== Segment start ==
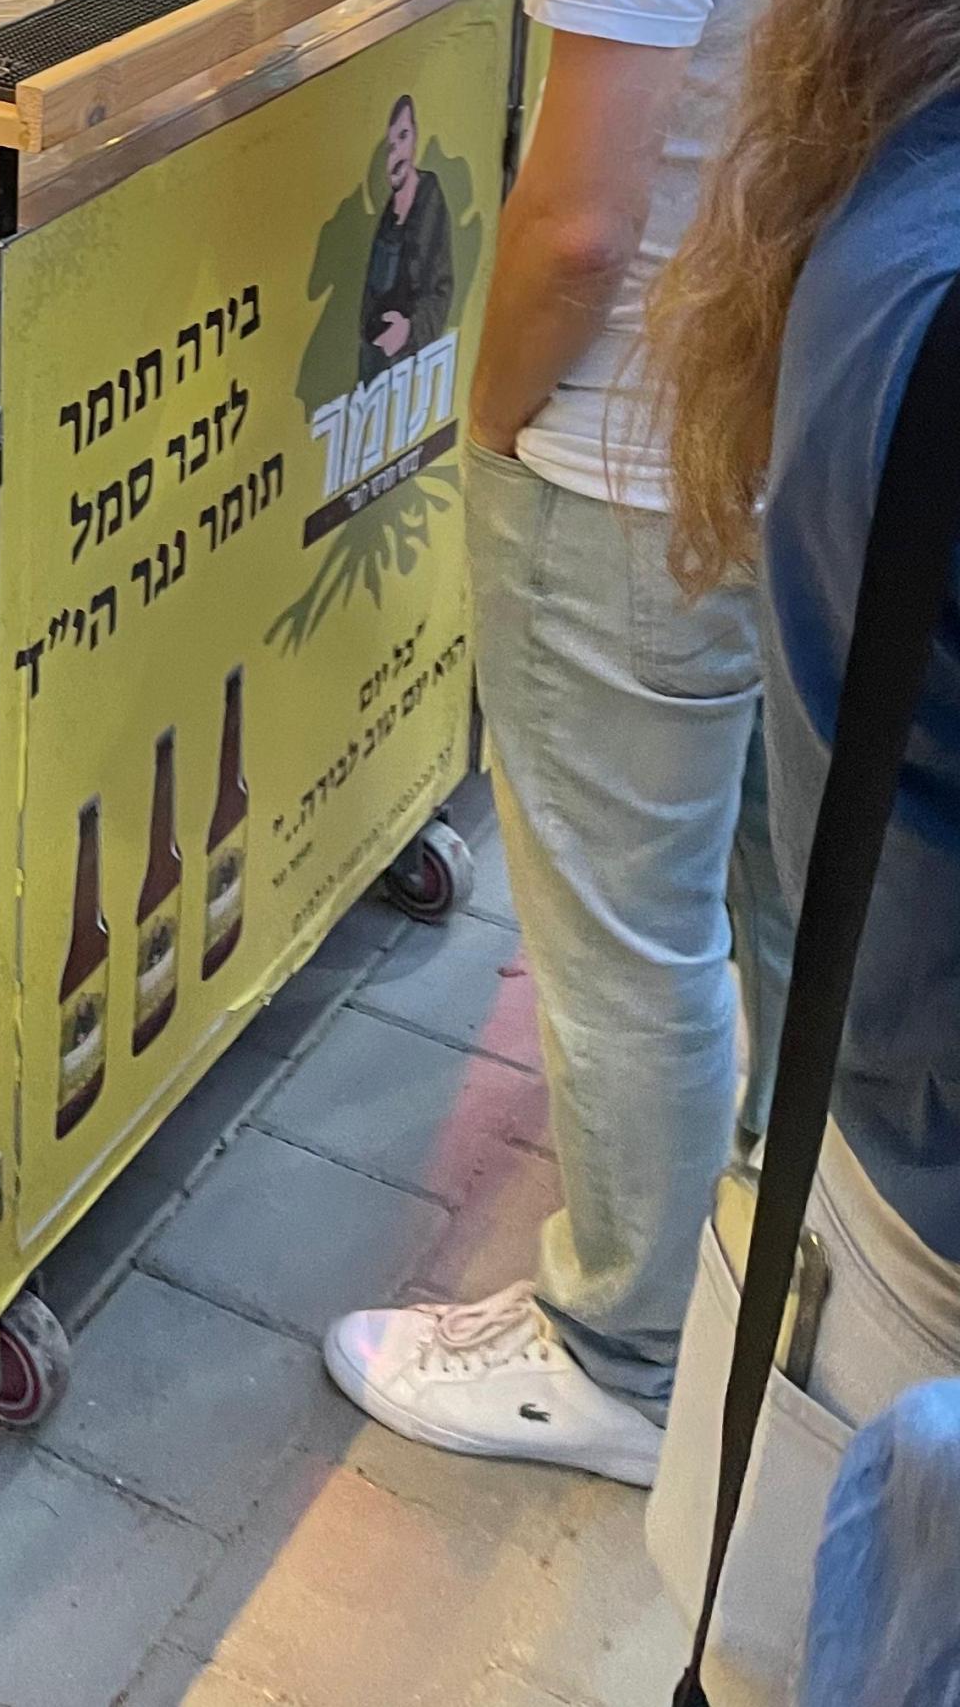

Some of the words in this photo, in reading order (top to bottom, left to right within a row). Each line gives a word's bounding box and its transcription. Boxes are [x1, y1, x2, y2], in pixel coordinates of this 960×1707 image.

[176, 284, 261, 385] בירה
[59, 348, 162, 455] תומר
[166, 379, 249, 483] לזכר
[311, 330, 458, 498] תומר
[71, 458, 153, 565] סמל
[199, 453, 284, 552] תומר
[131, 530, 186, 607] נגר
[360, 663, 388, 713] יום
== Segment end ==
Your assignment
With the pictures set aside, repeat every entry above exactly.

Answer section
Some of the words in this photo, in reading order (top to bottom, left to right within a row). Each line gives a word's bounding box and its transcription. Boxes are [x1, y1, x2, y2], in pixel coordinates of this 960×1707 image.

[176, 284, 261, 385] בירה
[59, 348, 162, 455] תומר
[166, 379, 249, 483] לזכר
[311, 330, 458, 498] תומר
[71, 458, 153, 565] סמל
[199, 453, 284, 552] תומר
[131, 530, 186, 607] נגר
[360, 663, 388, 713] יום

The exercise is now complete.